▶ _Excerpted data_
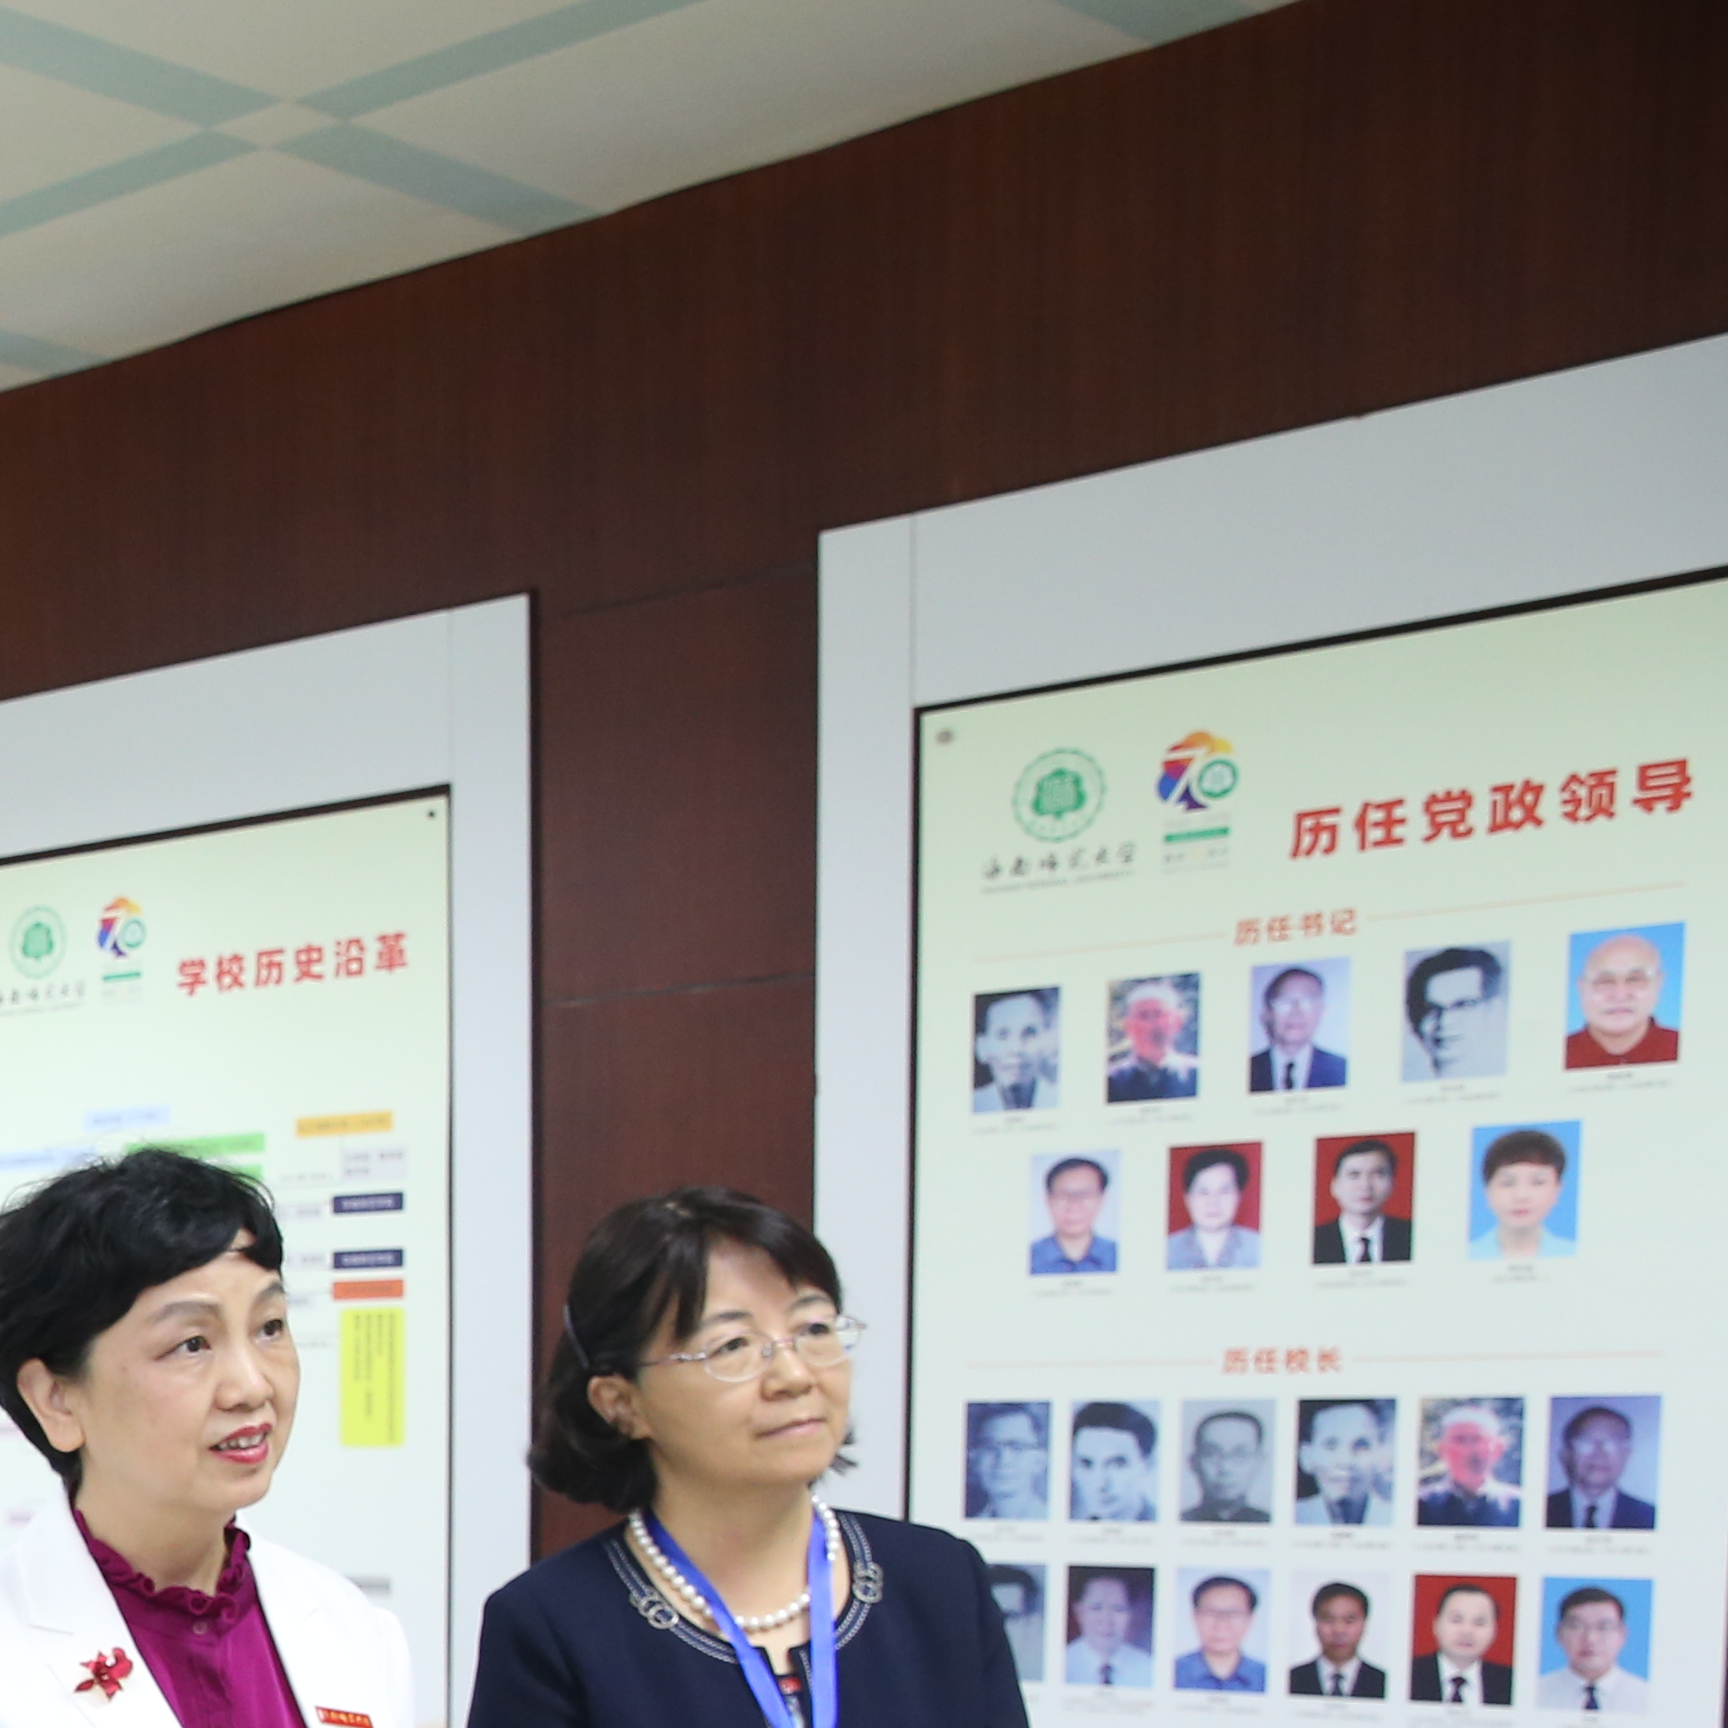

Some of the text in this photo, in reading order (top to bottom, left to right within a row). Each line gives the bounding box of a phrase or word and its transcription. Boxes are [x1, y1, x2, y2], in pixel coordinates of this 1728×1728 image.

[1290, 758, 1693, 860] 历任党政领导
[1233, 908, 1359, 946] 历任书记
[176, 931, 411, 997] 学校历史沿革
[1220, 1345, 1344, 1376] 历任校长
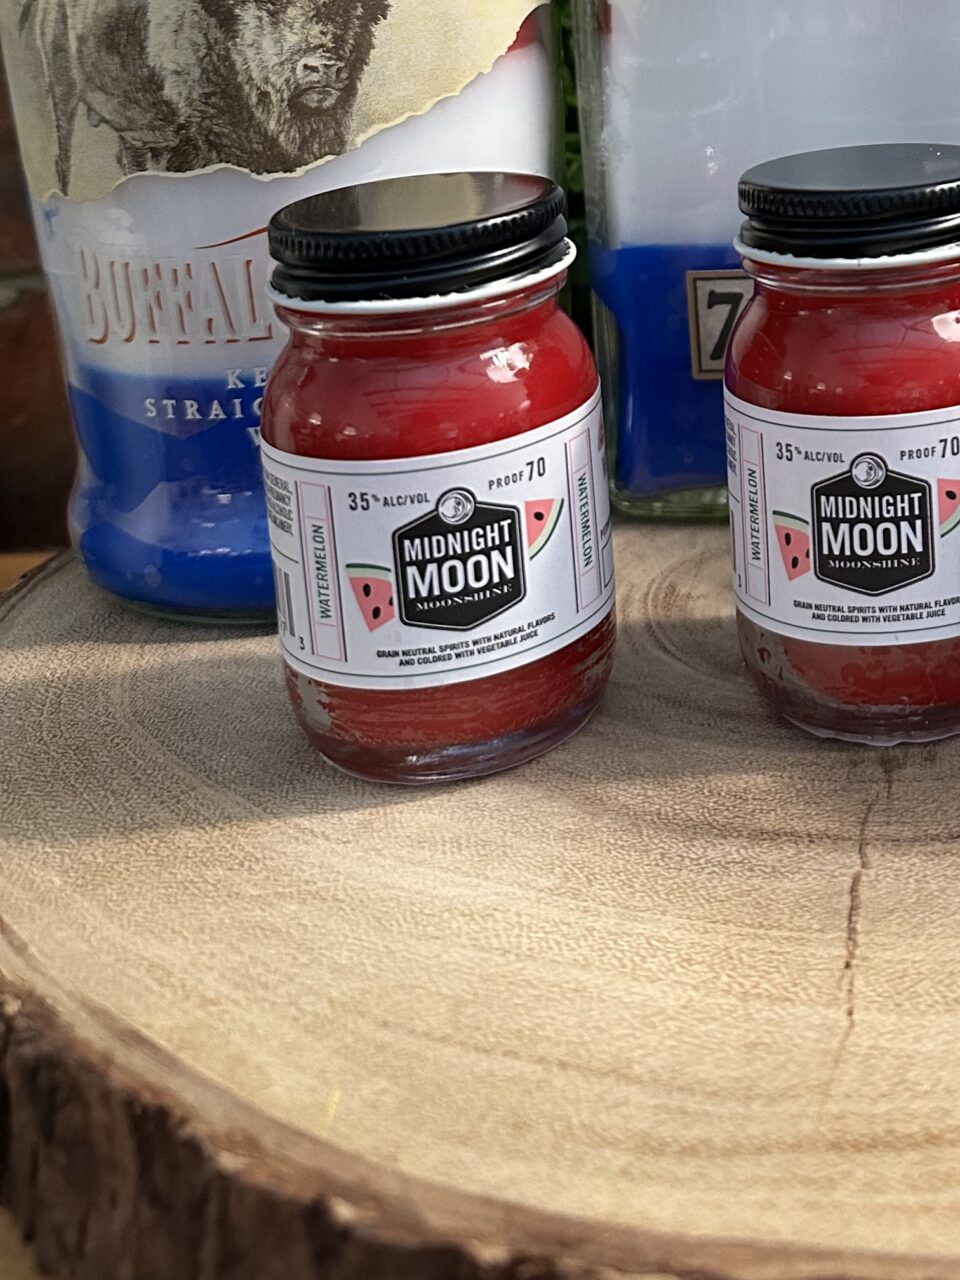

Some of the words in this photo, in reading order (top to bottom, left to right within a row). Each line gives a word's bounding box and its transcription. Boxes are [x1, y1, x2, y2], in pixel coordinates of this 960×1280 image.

[75, 246, 273, 344] BUFFAL
[706, 289, 744, 360] 7
[145, 397, 263, 419] STRAI
[803, 451, 845, 464] ALC/VOL
[900, 446, 937, 461] PROOF
[939, 436, 960, 458] 70
[488, 470, 525, 490] PROOF
[526, 457, 546, 482] 70
[382, 493, 430, 507] ALC/VOL
[747, 468, 761, 561] WATERMELON
[820, 492, 922, 519] MIDNIGHT
[577, 473, 594, 568] WATERMELON
[822, 519, 924, 556] MOON
[403, 519, 512, 562] MIDNIGHT
[312, 524, 333, 619] WATERMELON
[406, 546, 515, 600] MOON
[828, 557, 921, 570] MOONSHINE
[415, 583, 513, 612] MOONSHINE
[793, 600, 813, 609] GRAIN
[814, 603, 846, 613] NEUTRAL
[847, 605, 876, 614] SPIRITS
[878, 605, 898, 613] WITH
[899, 602, 933, 612] NATURAL
[827, 614, 859, 623] COLORED
[861, 615, 881, 623] WITH
[882, 610, 924, 622] VEGETABLE
[925, 608, 946, 618] JUICE
[377, 650, 400, 658] GRAIN
[402, 646, 436, 657] NEUTRAL
[439, 641, 470, 653] SPIRITS
[472, 634, 492, 646] WITH
[493, 626, 526, 641] NATURAL
[527, 612, 556, 629] FLAVORS
[399, 658, 415, 666] AND
[417, 653, 452, 665] COLORED
[454, 649, 472, 660] WITH
[472, 637, 518, 655] VEGETABLE
[519, 629, 539, 643] JUICE

▶ _What you are asked to do_
Line by line, write out the data above exactly, without the pictures.

▶ _Solution to the problem_
Some of the text in this photo, in reading order (top to bottom, left to right within a row). Each line gives the bounding box of a phrase or word and its transcription. Boxes are [x1, y1, x2, y2], in pixel coordinates of this 1728×1728 image.

[1290, 758, 1693, 860] 历任党政领导
[1233, 908, 1359, 946] 历任书记
[176, 931, 411, 997] 学校历史沿革
[1220, 1345, 1344, 1376] 历任校长

Some of the words in this photo, in reading order (top to bottom, left to right within a row). Each line gives a word's bounding box and its transcription. Boxes are [x1, y1, x2, y2], in pixel coordinates of this 960×1280 image.

[75, 246, 273, 344] BUFFAL
[706, 289, 744, 360] 7
[145, 397, 263, 419] STRAI
[803, 451, 845, 464] ALC/VOL
[900, 446, 937, 461] PROOF
[939, 436, 960, 458] 70
[488, 470, 525, 490] PROOF
[526, 457, 546, 482] 70
[382, 493, 430, 507] ALC/VOL
[747, 468, 761, 561] WATERMELON
[820, 492, 922, 519] MIDNIGHT
[577, 473, 594, 568] WATERMELON
[822, 519, 924, 556] MOON
[403, 519, 512, 562] MIDNIGHT
[312, 524, 333, 619] WATERMELON
[406, 546, 515, 600] MOON
[828, 557, 921, 570] MOONSHINE
[415, 583, 513, 612] MOONSHINE
[793, 600, 813, 609] GRAIN
[814, 603, 846, 613] NEUTRAL
[847, 605, 876, 614] SPIRITS
[878, 605, 898, 613] WITH
[899, 602, 933, 612] NATURAL
[827, 614, 859, 623] COLORED
[861, 615, 881, 623] WITH
[882, 610, 924, 622] VEGETABLE
[925, 608, 946, 618] JUICE
[377, 650, 400, 658] GRAIN
[402, 646, 436, 657] NEUTRAL
[439, 641, 470, 653] SPIRITS
[472, 634, 492, 646] WITH
[493, 626, 526, 641] NATURAL
[527, 612, 556, 629] FLAVORS
[399, 658, 415, 666] AND
[417, 653, 452, 665] COLORED
[454, 649, 472, 660] WITH
[472, 637, 518, 655] VEGETABLE
[519, 629, 539, 643] JUICE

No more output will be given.